▶ _Task brief_
Nothing but the exact text of the entries should appear in your answer; pictures stay out.

[Records for processing — start]

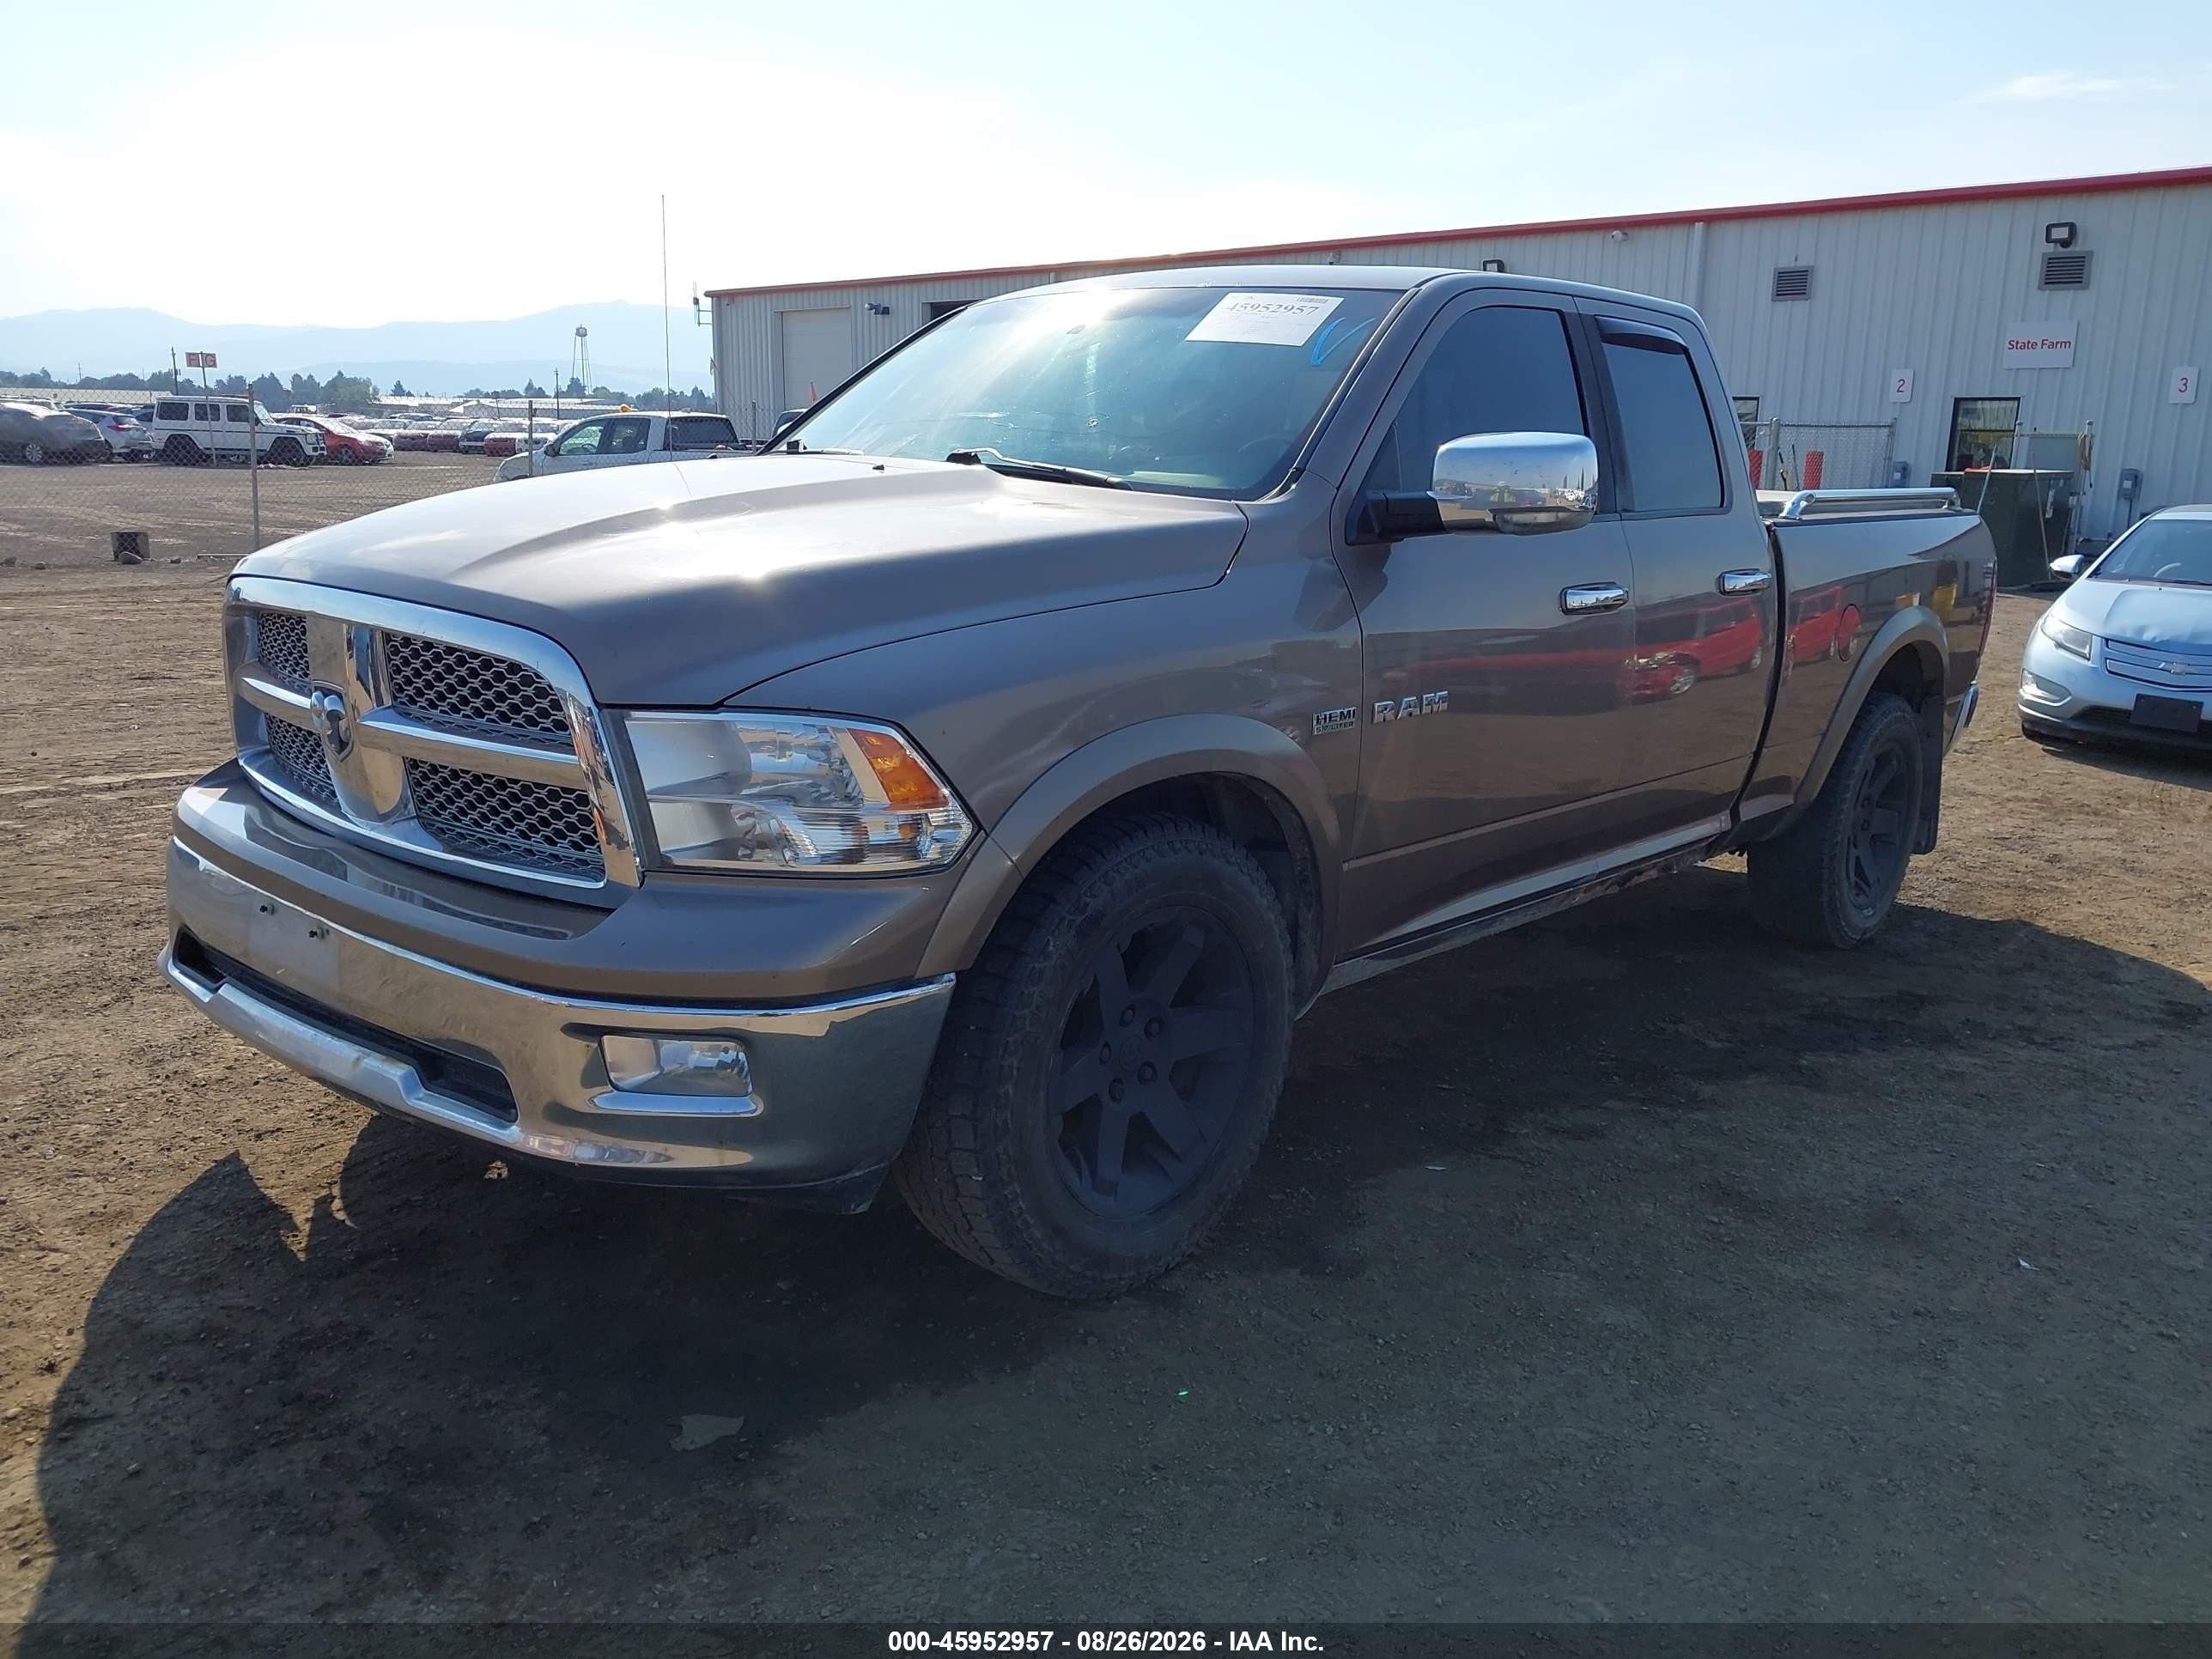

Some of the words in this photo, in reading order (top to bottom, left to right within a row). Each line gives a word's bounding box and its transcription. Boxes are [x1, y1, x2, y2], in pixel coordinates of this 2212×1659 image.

[1226, 302, 1320, 316] 45952957
[2008, 339, 2039, 349] State
[2040, 338, 2071, 349] Farm
[1896, 379, 1905, 393] 2
[2179, 377, 2188, 393] 3
[1372, 690, 1449, 724] RAM
[1315, 708, 1356, 726] HEMI
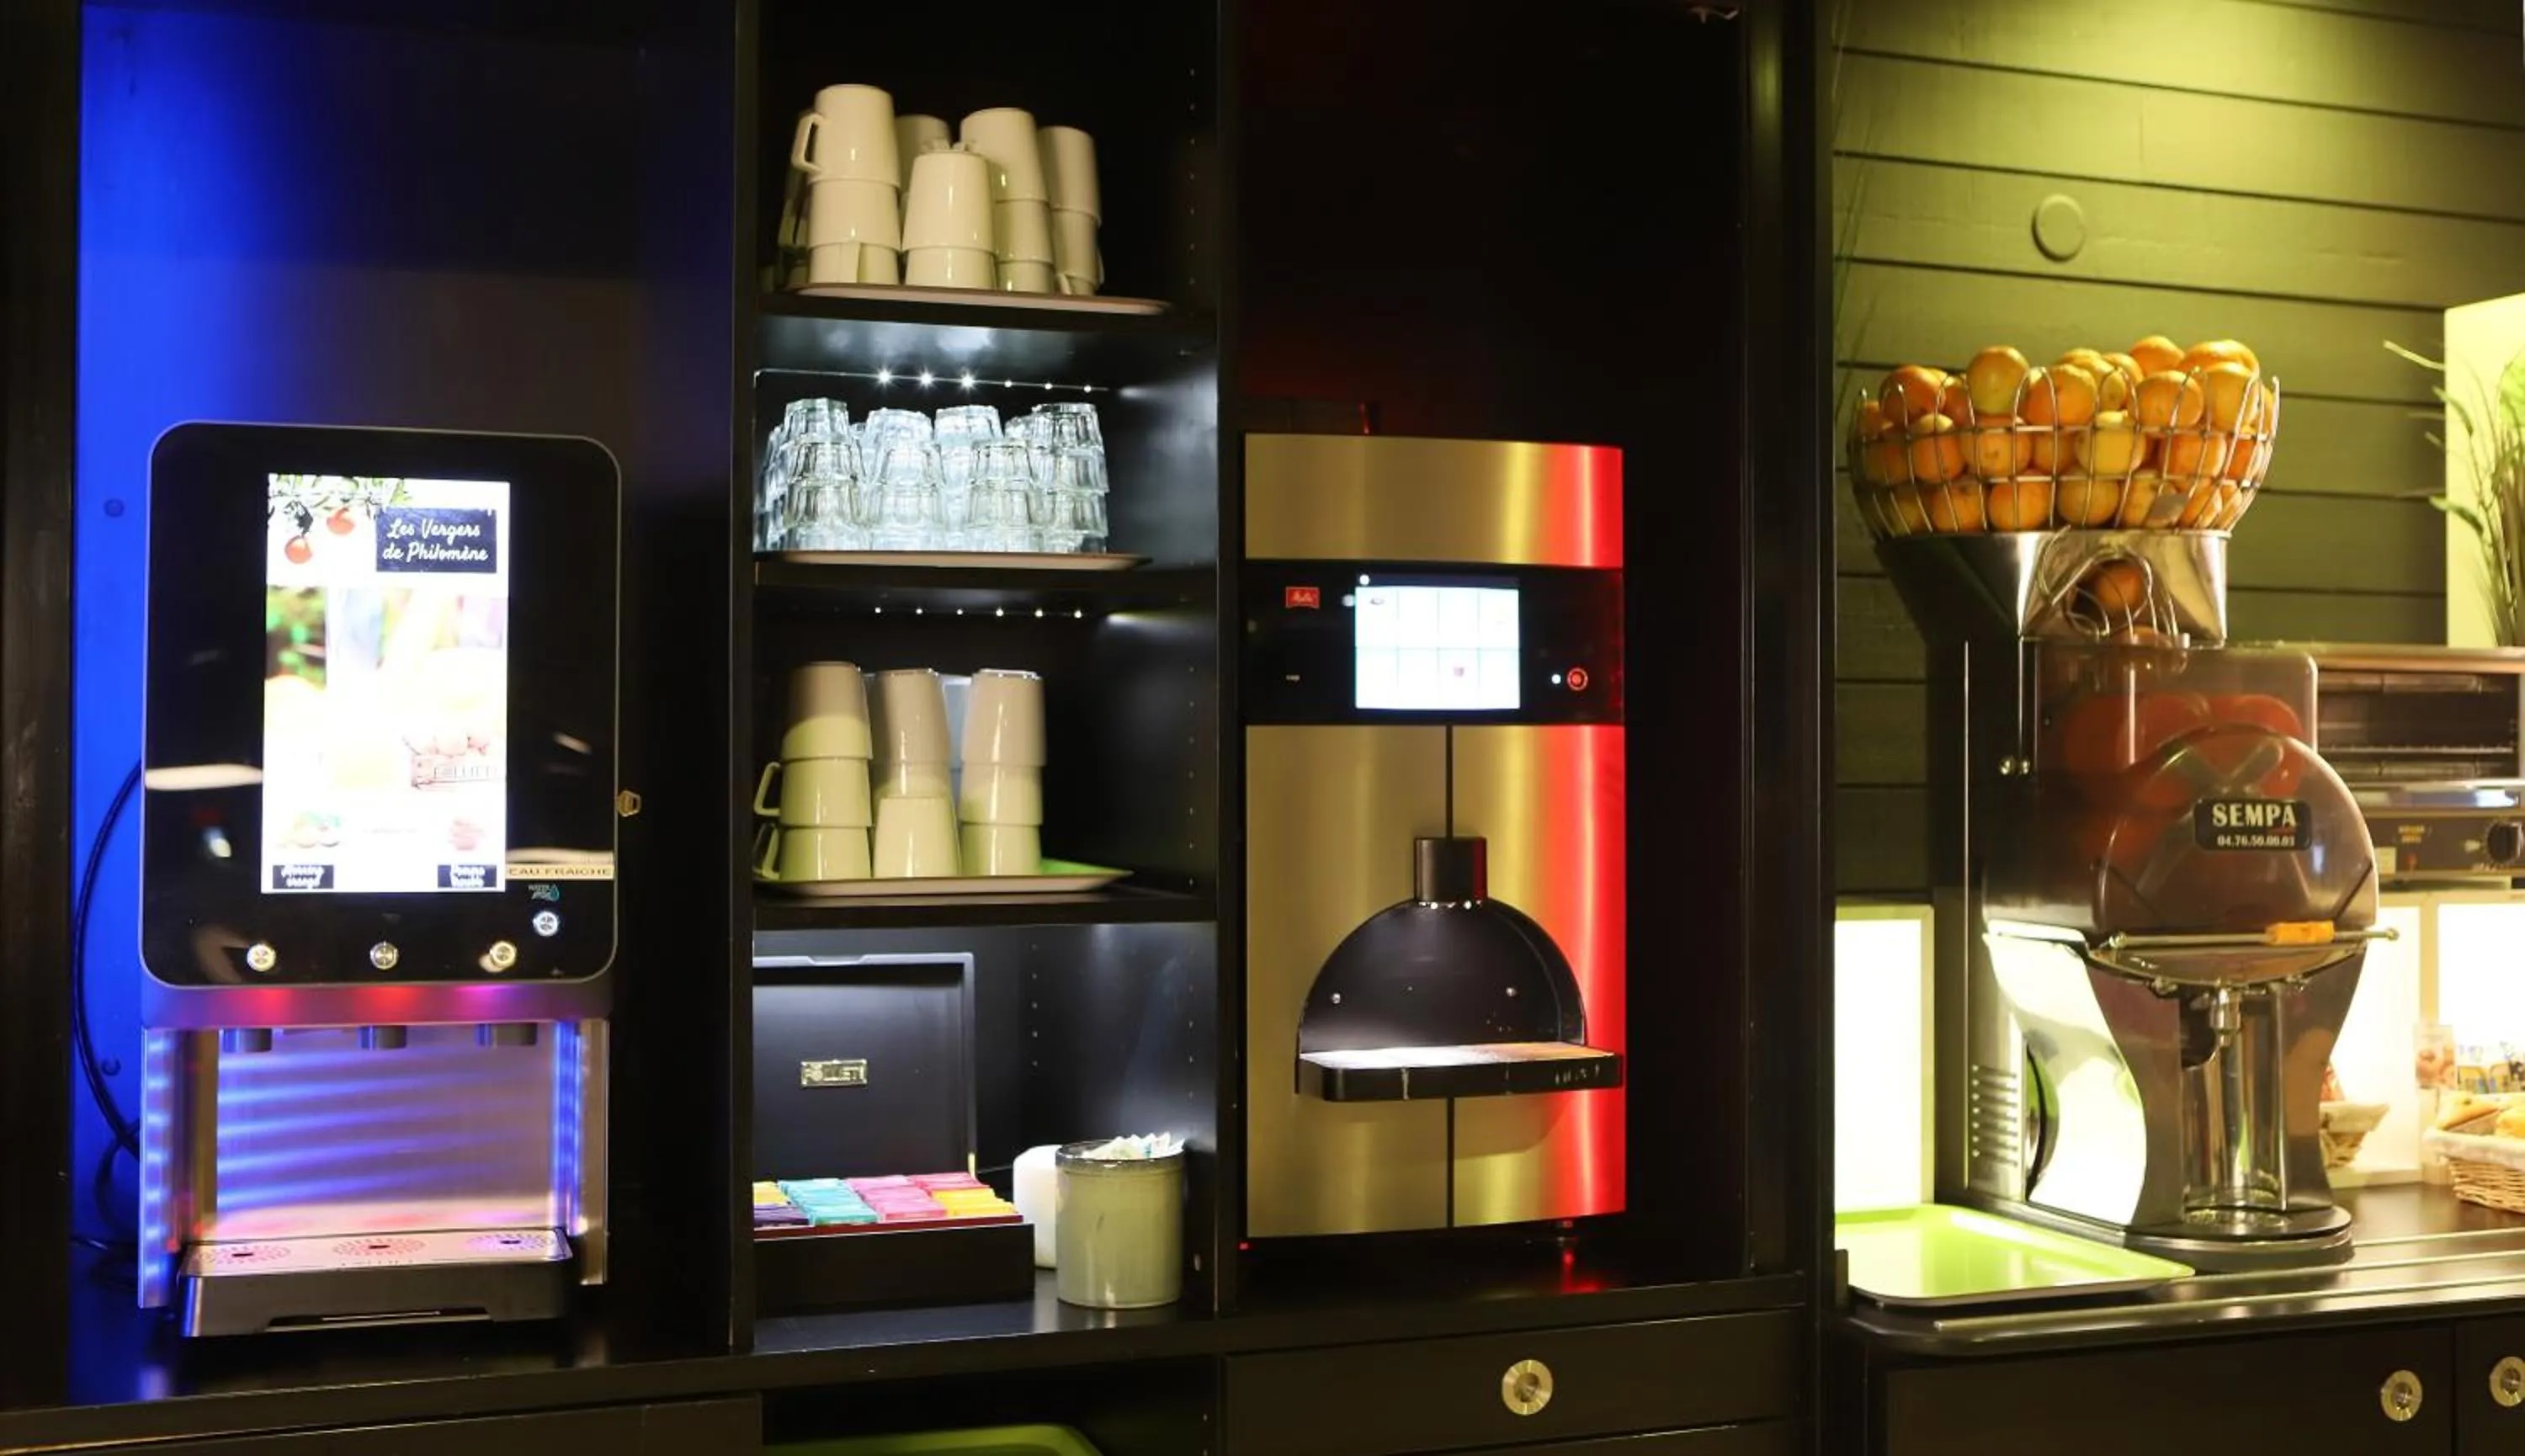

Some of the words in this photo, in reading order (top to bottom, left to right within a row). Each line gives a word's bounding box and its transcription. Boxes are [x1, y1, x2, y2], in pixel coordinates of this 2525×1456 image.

[386, 518, 415, 539] Les
[422, 518, 481, 545] Vergers
[382, 542, 404, 560] de
[407, 540, 488, 562] Philomène
[2212, 803, 2297, 827] SEMPA
[509, 868, 540, 876] EAU
[545, 868, 612, 876] FRAICHE

[Records for processing — finish]

▶ _Response to this exercise_
Some of the words in this photo, in reading order (top to bottom, left to right within a row). Each line gives a word's bounding box and its transcription. Boxes are [x1, y1, x2, y2], in pixel coordinates of this 2212×1659 image.

[1226, 302, 1320, 316] 45952957
[2008, 339, 2039, 349] State
[2040, 338, 2071, 349] Farm
[1896, 379, 1905, 393] 2
[2179, 377, 2188, 393] 3
[1372, 690, 1449, 724] RAM
[1315, 708, 1356, 726] HEMI

Some of the words in this photo, in reading order (top to bottom, left to right within a row). Each line gives a word's bounding box and its transcription. Boxes are [x1, y1, x2, y2], in pixel coordinates of this 2525×1456 image.

[386, 518, 415, 539] Les
[422, 518, 481, 545] Vergers
[382, 542, 404, 560] de
[407, 540, 488, 562] Philomène
[2212, 803, 2297, 827] SEMPA
[509, 868, 540, 876] EAU
[545, 868, 612, 876] FRAICHE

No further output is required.